Every record must be reproduced exactly. Leave none out.
-- Data for this exercise follows --
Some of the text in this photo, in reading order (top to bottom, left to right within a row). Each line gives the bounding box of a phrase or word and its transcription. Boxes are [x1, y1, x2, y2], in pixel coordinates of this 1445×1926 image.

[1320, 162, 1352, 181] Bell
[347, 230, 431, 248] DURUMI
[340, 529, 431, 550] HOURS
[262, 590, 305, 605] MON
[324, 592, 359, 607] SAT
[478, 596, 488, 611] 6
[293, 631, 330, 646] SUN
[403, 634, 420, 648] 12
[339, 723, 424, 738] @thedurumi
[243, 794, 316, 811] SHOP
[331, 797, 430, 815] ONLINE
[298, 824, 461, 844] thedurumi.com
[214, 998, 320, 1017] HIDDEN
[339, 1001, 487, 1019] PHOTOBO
-- Data for this exercise concluded --
## Answer to the problem
Some of the text in this photo, in reading order (top to bottom, left to right within a row). Each line gives the bounding box of a phrase or word and its transcription. Boxes are [x1, y1, x2, y2], in pixel coordinates of this 1445×1926 image.

[1320, 162, 1352, 181] Bell
[347, 230, 431, 248] DURUMI
[340, 529, 431, 550] HOURS
[262, 590, 305, 605] MON
[324, 592, 359, 607] SAT
[478, 596, 488, 611] 6
[293, 631, 330, 646] SUN
[403, 634, 420, 648] 12
[339, 723, 424, 738] @thedurumi
[243, 794, 316, 811] SHOP
[331, 797, 430, 815] ONLINE
[298, 824, 461, 844] thedurumi.com
[214, 998, 320, 1017] HIDDEN
[339, 1001, 487, 1019] PHOTOBO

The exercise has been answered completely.